Samarcanda es poesía, sí, pero también caos a las cinco de la tarde en el bazar Siyob. Es una ciudad que brilla, pero no siempre se deja querer. La Plaza del Registán deslumbra con sus madrasas —Ulugh Beg, Sher-Dor, Tilla-Kari—, que parecen diseñadas para ser admiradas desde el asombro. Pero bastan unos pasos hacia los callejones para encontrar ropa tendida, cables eléctricos y una vida que no busca ser fotogénica.

 

 

El mausoleo de Amir Temur impresiona menos por su historia —aunque incluye una supuesta maldición— que por la serenidad de su interior.
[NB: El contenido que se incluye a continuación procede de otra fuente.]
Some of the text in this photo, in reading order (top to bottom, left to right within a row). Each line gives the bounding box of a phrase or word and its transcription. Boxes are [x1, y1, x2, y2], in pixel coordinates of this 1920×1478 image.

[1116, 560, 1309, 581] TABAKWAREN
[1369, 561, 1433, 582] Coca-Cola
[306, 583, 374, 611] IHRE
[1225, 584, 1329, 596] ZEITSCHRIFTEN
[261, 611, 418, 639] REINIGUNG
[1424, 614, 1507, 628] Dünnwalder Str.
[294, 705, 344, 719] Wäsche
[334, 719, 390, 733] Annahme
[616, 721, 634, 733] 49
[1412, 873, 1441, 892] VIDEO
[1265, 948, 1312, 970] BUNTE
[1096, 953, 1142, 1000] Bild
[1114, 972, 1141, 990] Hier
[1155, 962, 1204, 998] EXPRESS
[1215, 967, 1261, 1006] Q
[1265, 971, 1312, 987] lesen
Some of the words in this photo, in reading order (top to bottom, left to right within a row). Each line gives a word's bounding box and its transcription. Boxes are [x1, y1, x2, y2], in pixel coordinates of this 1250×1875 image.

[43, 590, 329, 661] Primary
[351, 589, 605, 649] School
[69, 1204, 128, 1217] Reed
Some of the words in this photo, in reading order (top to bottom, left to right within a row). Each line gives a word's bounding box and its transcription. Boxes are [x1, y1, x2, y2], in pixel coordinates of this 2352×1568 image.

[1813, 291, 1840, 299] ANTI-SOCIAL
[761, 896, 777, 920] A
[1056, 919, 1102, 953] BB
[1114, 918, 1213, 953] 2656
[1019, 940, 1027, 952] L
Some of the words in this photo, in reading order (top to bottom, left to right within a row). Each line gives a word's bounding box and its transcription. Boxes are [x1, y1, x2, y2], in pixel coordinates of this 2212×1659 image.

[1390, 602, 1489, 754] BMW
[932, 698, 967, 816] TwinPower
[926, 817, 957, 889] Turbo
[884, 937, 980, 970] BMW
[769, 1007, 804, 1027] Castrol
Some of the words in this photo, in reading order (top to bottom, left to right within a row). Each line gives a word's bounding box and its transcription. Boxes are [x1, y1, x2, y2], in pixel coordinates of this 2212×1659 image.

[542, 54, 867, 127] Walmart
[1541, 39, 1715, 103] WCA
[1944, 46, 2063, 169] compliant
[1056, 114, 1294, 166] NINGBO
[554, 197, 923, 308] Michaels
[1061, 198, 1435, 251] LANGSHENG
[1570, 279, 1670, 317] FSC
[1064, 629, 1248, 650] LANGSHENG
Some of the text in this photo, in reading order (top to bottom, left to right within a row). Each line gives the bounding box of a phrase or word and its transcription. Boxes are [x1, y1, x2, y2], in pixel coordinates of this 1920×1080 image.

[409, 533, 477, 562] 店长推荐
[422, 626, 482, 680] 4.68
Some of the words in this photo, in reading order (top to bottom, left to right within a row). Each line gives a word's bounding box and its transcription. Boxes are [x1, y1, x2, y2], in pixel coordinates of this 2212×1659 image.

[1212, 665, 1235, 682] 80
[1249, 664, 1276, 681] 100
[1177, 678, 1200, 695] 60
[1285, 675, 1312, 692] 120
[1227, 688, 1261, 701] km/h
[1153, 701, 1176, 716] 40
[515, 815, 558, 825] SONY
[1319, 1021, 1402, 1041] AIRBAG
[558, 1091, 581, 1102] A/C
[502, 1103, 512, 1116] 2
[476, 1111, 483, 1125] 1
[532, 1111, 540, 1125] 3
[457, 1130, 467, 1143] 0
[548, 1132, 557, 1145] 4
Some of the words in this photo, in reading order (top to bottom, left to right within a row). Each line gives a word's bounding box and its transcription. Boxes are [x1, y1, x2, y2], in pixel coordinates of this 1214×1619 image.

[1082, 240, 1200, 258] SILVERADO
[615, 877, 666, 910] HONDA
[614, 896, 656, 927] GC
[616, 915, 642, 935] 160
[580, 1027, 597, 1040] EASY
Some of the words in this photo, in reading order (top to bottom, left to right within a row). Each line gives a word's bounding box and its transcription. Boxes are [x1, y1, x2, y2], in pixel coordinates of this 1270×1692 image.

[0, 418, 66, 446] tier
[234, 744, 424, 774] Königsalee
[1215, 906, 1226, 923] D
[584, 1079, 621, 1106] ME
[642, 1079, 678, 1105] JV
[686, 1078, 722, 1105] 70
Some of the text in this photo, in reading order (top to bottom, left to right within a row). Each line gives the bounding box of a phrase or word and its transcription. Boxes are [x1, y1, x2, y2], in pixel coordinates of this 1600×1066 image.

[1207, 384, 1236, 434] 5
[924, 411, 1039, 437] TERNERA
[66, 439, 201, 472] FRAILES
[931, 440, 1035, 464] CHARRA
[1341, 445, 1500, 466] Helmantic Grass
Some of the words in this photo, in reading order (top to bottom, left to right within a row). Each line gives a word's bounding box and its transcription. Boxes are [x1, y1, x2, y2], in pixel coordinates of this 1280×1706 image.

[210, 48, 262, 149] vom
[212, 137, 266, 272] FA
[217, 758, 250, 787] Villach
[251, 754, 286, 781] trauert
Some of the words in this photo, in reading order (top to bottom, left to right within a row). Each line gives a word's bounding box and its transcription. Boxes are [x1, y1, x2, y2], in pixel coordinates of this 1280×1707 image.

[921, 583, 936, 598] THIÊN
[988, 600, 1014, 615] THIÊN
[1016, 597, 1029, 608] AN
En el observatorio de Ulugh Beg, aún se conserva el enorme sextante subterráneo, testigo de un tiempo en que mirar el cielo era ciencia, no turismo.

 

 

Shah-i-Zinda, en cambio, no se visita: se recorre como una procesión íntima. Las paredes cubiertas de azulejos vibran con una intensidad difícil de explicar. Aquí sí, el silencio se impone.

 

 

 

Hospitalidad sin guión, detalles que quedan

 

Uzbekistán no siempre es cómodo. A veces es ruidoso, otras contradictorio. Pero nunca es indiferente. La hospitalidad es directa, sin folclore de escaparate. Te ofrecen té. Preguntan de dónde vienes. Te invitan a sentarte. A veces no entienden una palabra de inglés, pero no importa.

 

 

Los trenes cruzan el país a ritmo firme. El TALGO que une las ciudades principales parece fuera de lugar, moderno en medio de lo ancestral. Pero funciona. Y en el vagón comedor, entre platos de arroz y canciones pop rusas, uno siente que el viaje es también lo que ocurre entre destinos.

 

 

 

Uzbekistán: una historia que no acaba

 

No hace falta idealizar Uzbekistán. Lo que ofrece es suficientemente poderoso sin adornos. No es un museo al aire libre, aunque lo parezca por momentos. Es un país que respira, que cambia, que recuerda.

 

 

Viajar aquí no es fácil ni perfecto. Pero es una experiencia que deja huella. Y cuando uno regresa, no recuerda sólo los monumentos. Recuerda la textura de una alfombra tejida a mano, el crujir del pan, el murmullo de una mezquita al atardecer. Cosas pequeñas. Cosas que, juntas, forman algo que se parece mucho a un recuerdo verdadero.